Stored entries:

----------

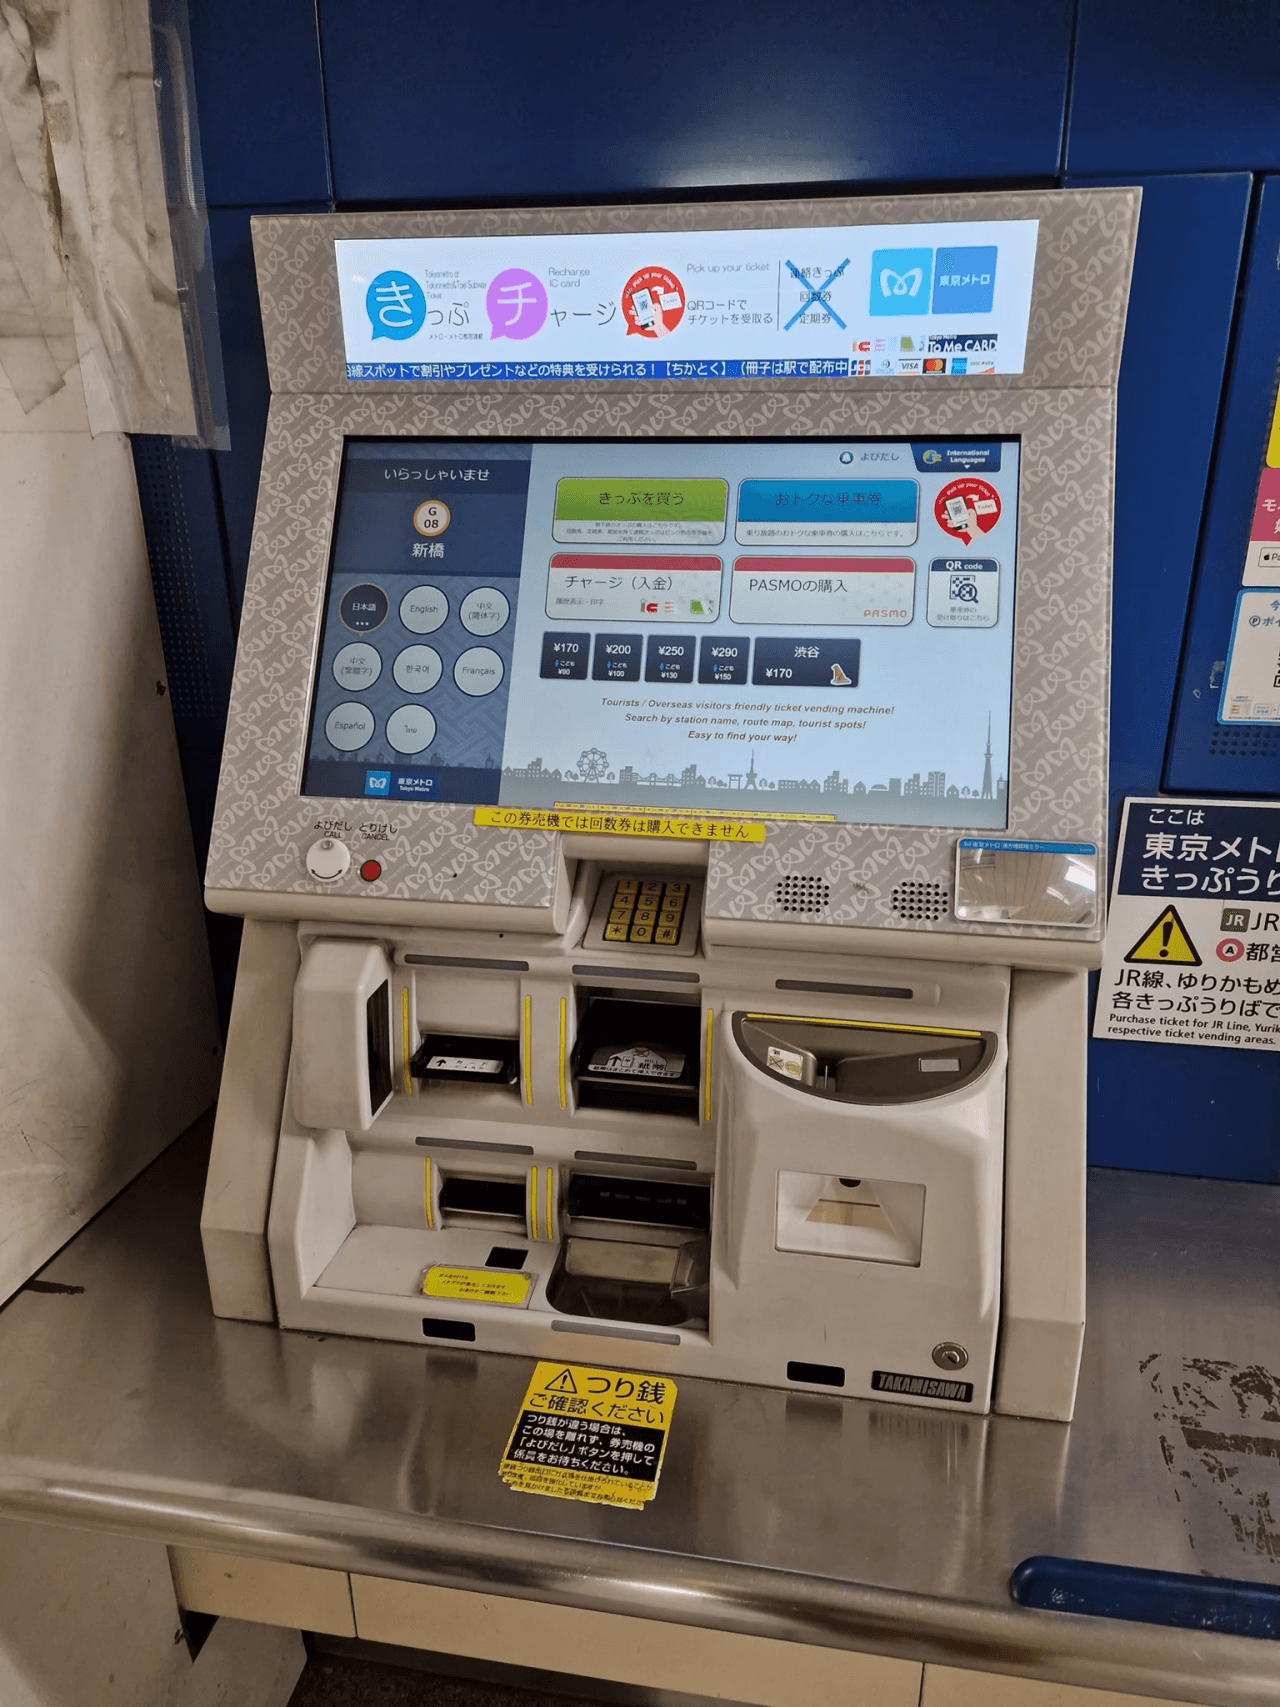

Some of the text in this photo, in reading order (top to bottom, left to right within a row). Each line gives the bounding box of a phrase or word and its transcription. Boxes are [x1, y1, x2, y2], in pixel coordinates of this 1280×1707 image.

[548, 267, 591, 278] Recharge
[687, 262, 770, 276] Pick up your ticket
[549, 278, 581, 288] IC card
[938, 273, 991, 287] 東京メトロ
[686, 299, 748, 311] QRコードで
[687, 312, 774, 326] チケットを受取る
[798, 312, 832, 325] 定期券
[964, 340, 998, 353] CARD
[901, 362, 919, 370] VISA
[859, 451, 900, 462] よびだし
[384, 468, 491, 482] いらっしゃいませ
[598, 492, 685, 506] きっぷを買う
[774, 492, 882, 507] おトクな乗車券
[428, 506, 437, 517] G
[424, 519, 439, 529] 08
[412, 542, 446, 559] 新橋
[946, 560, 963, 571] QR
[749, 579, 848, 593] PASMOの購入
[352, 602, 377, 612] 日本語
[410, 604, 439, 614] English
[477, 602, 493, 611] 中文
[863, 609, 908, 618] PASMO
[553, 643, 579, 653] ¥170
[605, 644, 631, 655] ¥200
[658, 646, 684, 657] ¥250
[711, 647, 738, 658] ¥290
[794, 645, 820, 658] 渋谷
[349, 656, 366, 665] 中文
[405, 664, 430, 674] 한국어
[462, 666, 496, 676] Français
[765, 668, 793, 679] ¥170
[601, 697, 640, 708] Tourists
[647, 698, 693, 710] Overseas
[695, 700, 732, 711] visitors
[734, 702, 771, 714] friendly
[774, 703, 802, 713] ticket
[804, 704, 845, 716] vending
[847, 705, 895, 715] machine!
[334, 721, 366, 731] Español
[624, 713, 866, 731] Search by station name, route map, tourist spots!
[687, 730, 797, 744] Easy to find your way!
[398, 777, 433, 787] 東京メトロ
[1149, 808, 1205, 826] ここは
[313, 820, 353, 832] よびだし
[358, 822, 398, 834] とりけし
[490, 810, 750, 839] この券売機では回数券は購入できません
[323, 830, 342, 839] CALL
[361, 832, 390, 841] CANCEL
[1142, 832, 1280, 863] 東京メト
[625, 881, 631, 889] 1
[648, 882, 657, 891] 2
[672, 884, 680, 892] 3
[619, 896, 629, 904] 4
[644, 897, 653, 906] 5
[669, 899, 678, 907] 6
[617, 910, 626, 919] 7
[640, 912, 650, 921] 8
[666, 913, 674, 922] 9
[1226, 914, 1244, 926] JR
[637, 927, 646, 937] 0
[1109, 1013, 1156, 1025] Purchase
[1159, 1016, 1190, 1027] ticket
[1193, 1018, 1209, 1028] for
[1211, 1020, 1224, 1029] JR
[1227, 1021, 1252, 1032] Line,
[1107, 1026, 1277, 1045] respective ticket vending areas.
[587, 1376, 667, 1405] つり銭
[878, 1373, 967, 1400] TAKAMISAWA
[529, 1392, 665, 1424] ご確認ください
[527, 1413, 627, 1437] つり銭が違う場合は、
[522, 1424, 656, 1453] この場を離れず、券売機の
[519, 1436, 655, 1466] 「よびだし」ボタンを押して
[513, 1448, 630, 1475] 係員をお待ちください。
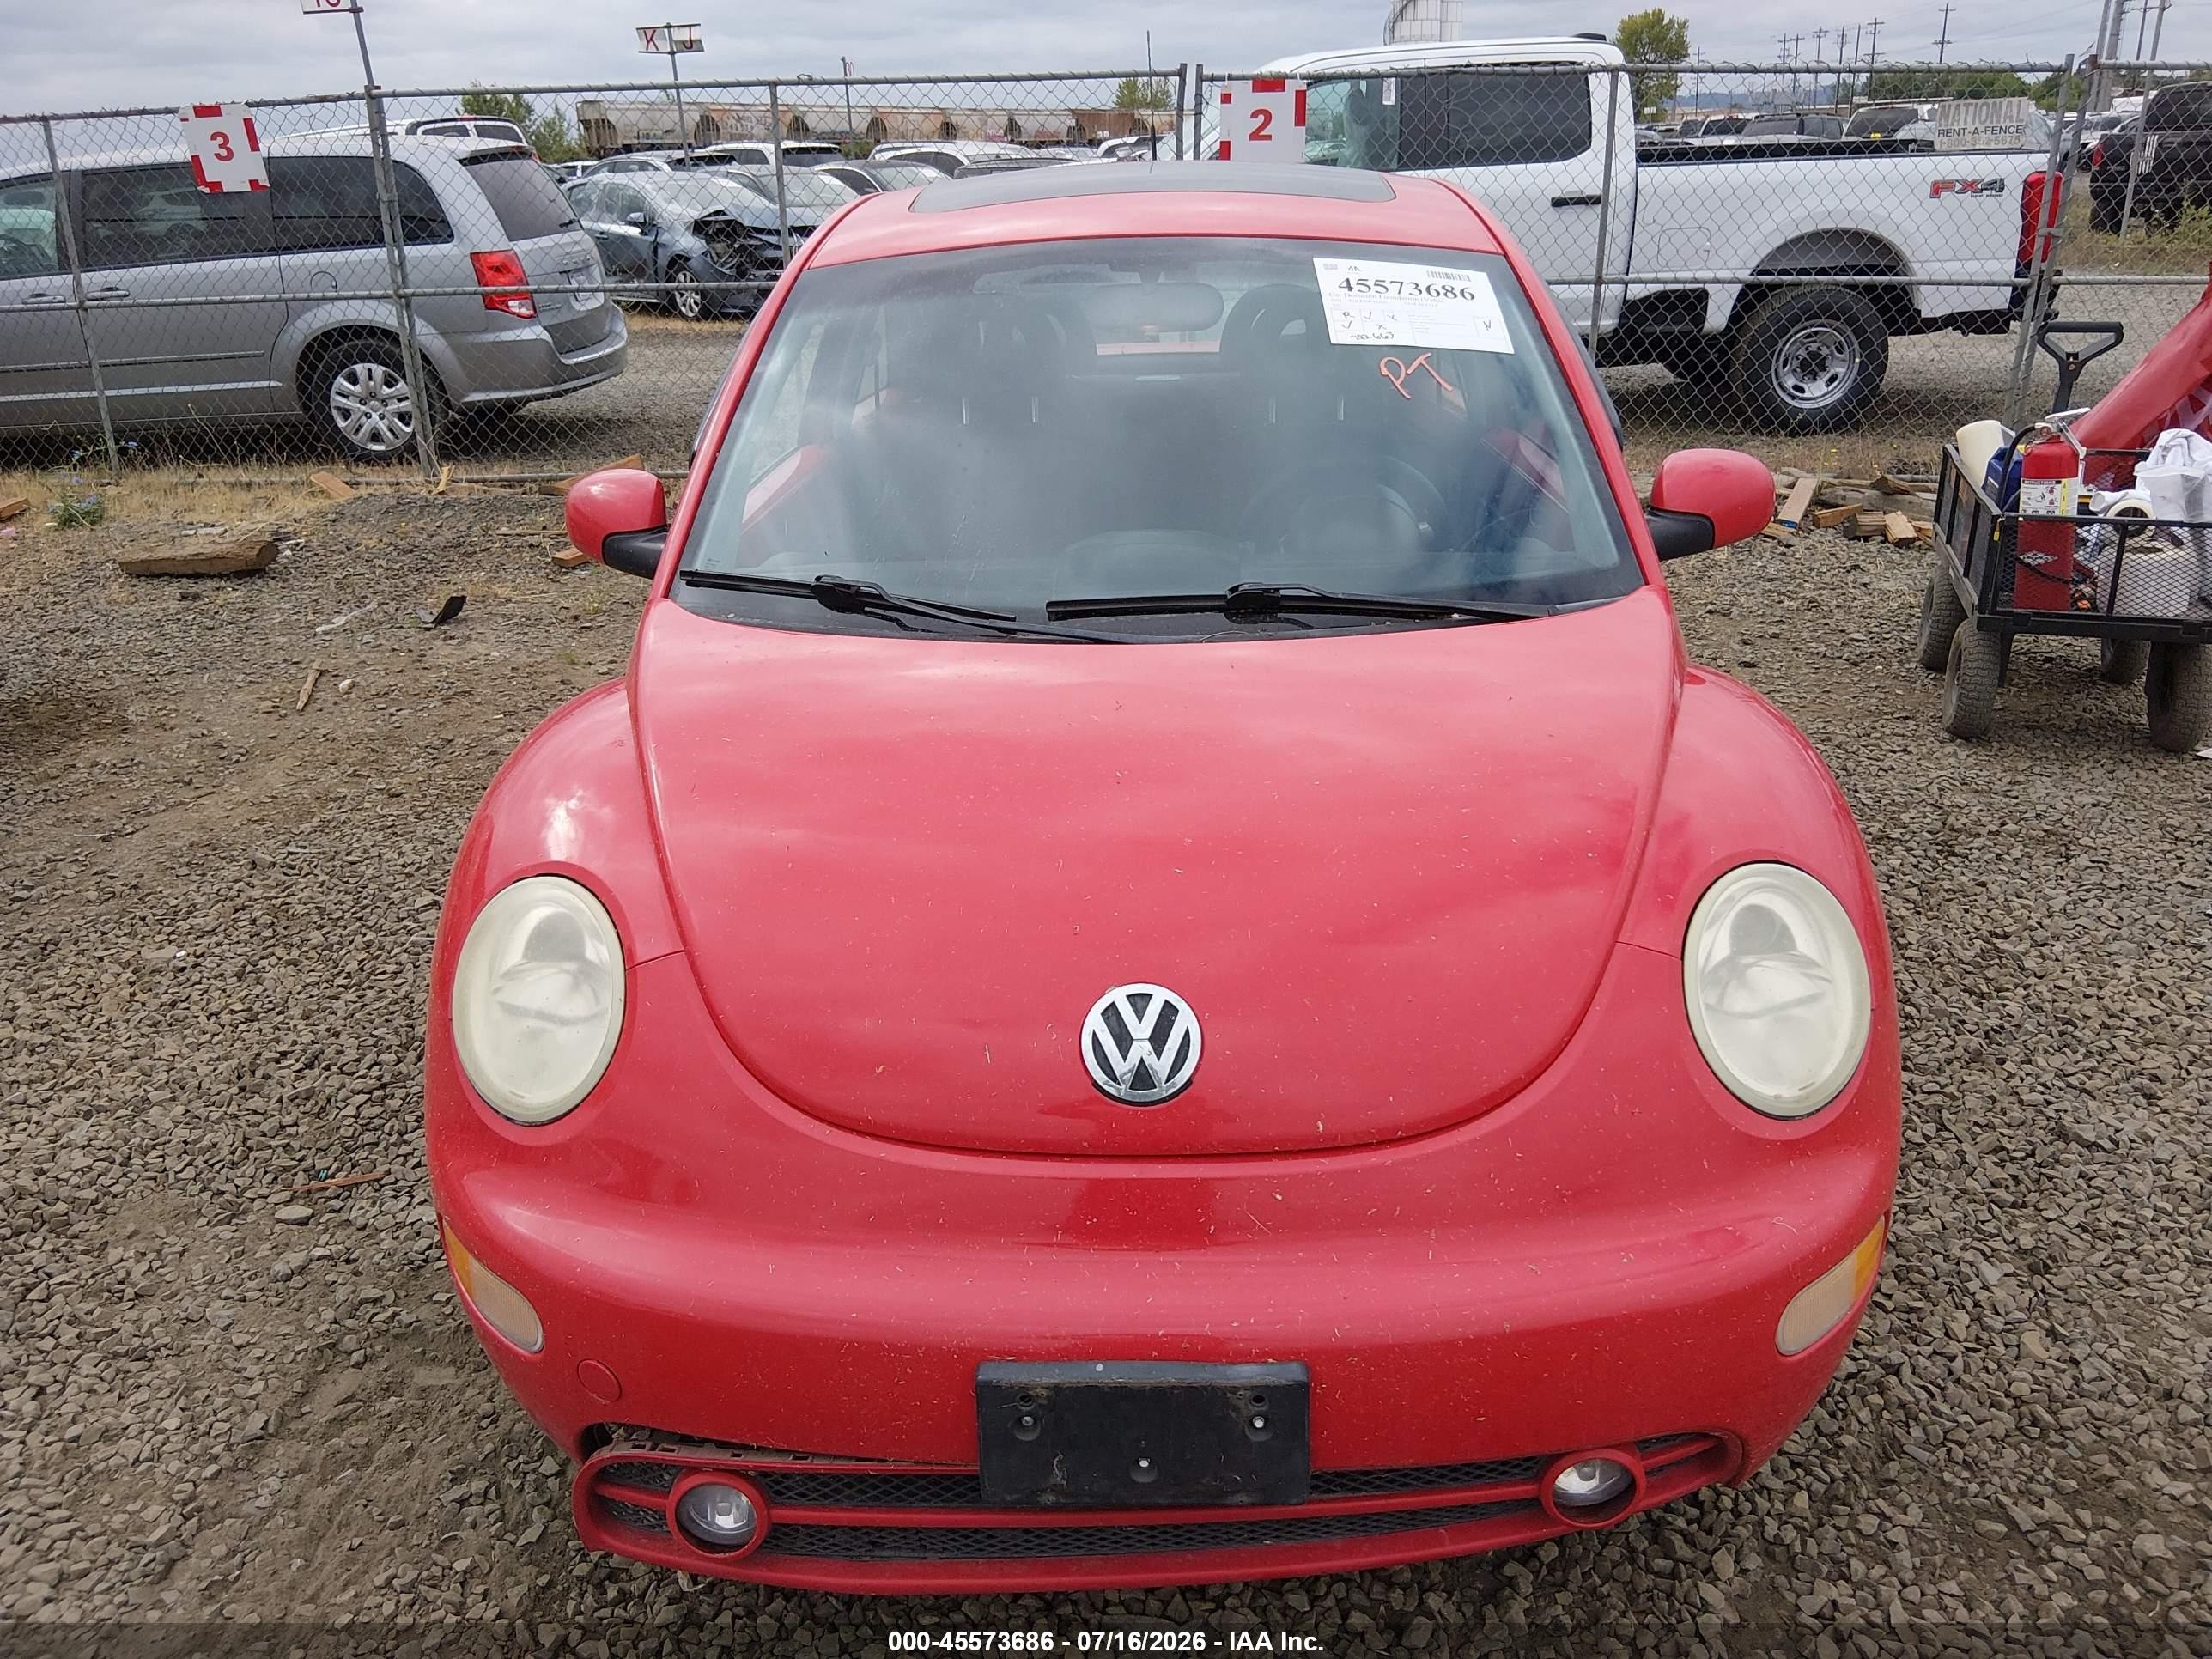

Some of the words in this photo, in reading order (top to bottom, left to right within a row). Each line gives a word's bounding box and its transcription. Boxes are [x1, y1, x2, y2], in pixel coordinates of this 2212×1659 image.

----------

■ **Exercise directions**
Would you mind repeating the records above exactly, without the pictures?

■ **Response to this task**
Some of the text in this photo, in reading order (top to bottom, left to right within a row). Each line gives the bounding box of a phrase or word and its transcription. Boxes are [x1, y1, x2, y2], in pixel coordinates of this 1280×1707 image.

[548, 267, 591, 278] Recharge
[687, 262, 770, 276] Pick up your ticket
[549, 278, 581, 288] IC card
[938, 273, 991, 287] 東京メトロ
[686, 299, 748, 311] QRコードで
[687, 312, 774, 326] チケットを受取る
[798, 312, 832, 325] 定期券
[964, 340, 998, 353] CARD
[901, 362, 919, 370] VISA
[859, 451, 900, 462] よびだし
[384, 468, 491, 482] いらっしゃいませ
[598, 492, 685, 506] きっぷを買う
[774, 492, 882, 507] おトクな乗車券
[428, 506, 437, 517] G
[424, 519, 439, 529] 08
[412, 542, 446, 559] 新橋
[946, 560, 963, 571] QR
[749, 579, 848, 593] PASMOの購入
[352, 602, 377, 612] 日本語
[410, 604, 439, 614] English
[477, 602, 493, 611] 中文
[863, 609, 908, 618] PASMO
[553, 643, 579, 653] ¥170
[605, 644, 631, 655] ¥200
[658, 646, 684, 657] ¥250
[711, 647, 738, 658] ¥290
[794, 645, 820, 658] 渋谷
[349, 656, 366, 665] 中文
[405, 664, 430, 674] 한국어
[462, 666, 496, 676] Français
[765, 668, 793, 679] ¥170
[601, 697, 640, 708] Tourists
[647, 698, 693, 710] Overseas
[695, 700, 732, 711] visitors
[734, 702, 771, 714] friendly
[774, 703, 802, 713] ticket
[804, 704, 845, 716] vending
[847, 705, 895, 715] machine!
[334, 721, 366, 731] Español
[624, 713, 866, 731] Search by station name, route map, tourist spots!
[687, 730, 797, 744] Easy to find your way!
[398, 777, 433, 787] 東京メトロ
[1149, 808, 1205, 826] ここは
[313, 820, 353, 832] よびだし
[358, 822, 398, 834] とりけし
[490, 810, 750, 839] この券売機では回数券は購入できません
[323, 830, 342, 839] CALL
[361, 832, 390, 841] CANCEL
[1142, 832, 1280, 863] 東京メト
[625, 881, 631, 889] 1
[648, 882, 657, 891] 2
[672, 884, 680, 892] 3
[619, 896, 629, 904] 4
[644, 897, 653, 906] 5
[669, 899, 678, 907] 6
[617, 910, 626, 919] 7
[640, 912, 650, 921] 8
[666, 913, 674, 922] 9
[1226, 914, 1244, 926] JR
[637, 927, 646, 937] 0
[1109, 1013, 1156, 1025] Purchase
[1159, 1016, 1190, 1027] ticket
[1193, 1018, 1209, 1028] for
[1211, 1020, 1224, 1029] JR
[1227, 1021, 1252, 1032] Line,
[1107, 1026, 1277, 1045] respective ticket vending areas.
[587, 1376, 667, 1405] つり銭
[878, 1373, 967, 1400] TAKAMISAWA
[529, 1392, 665, 1424] ご確認ください
[527, 1413, 627, 1437] つり銭が違う場合は、
[522, 1424, 656, 1453] この場を離れず、券売機の
[519, 1436, 655, 1466] 「よびだし」ボタンを押して
[513, 1448, 630, 1475] 係員をお待ちください。

Some of the words in this photo, in reading order (top to bottom, left to right within a row). Each line gives a word's bounding box and its transcription. Boxes are [x1, y1, x2, y2], in pixel coordinates of this 2212×1659 image.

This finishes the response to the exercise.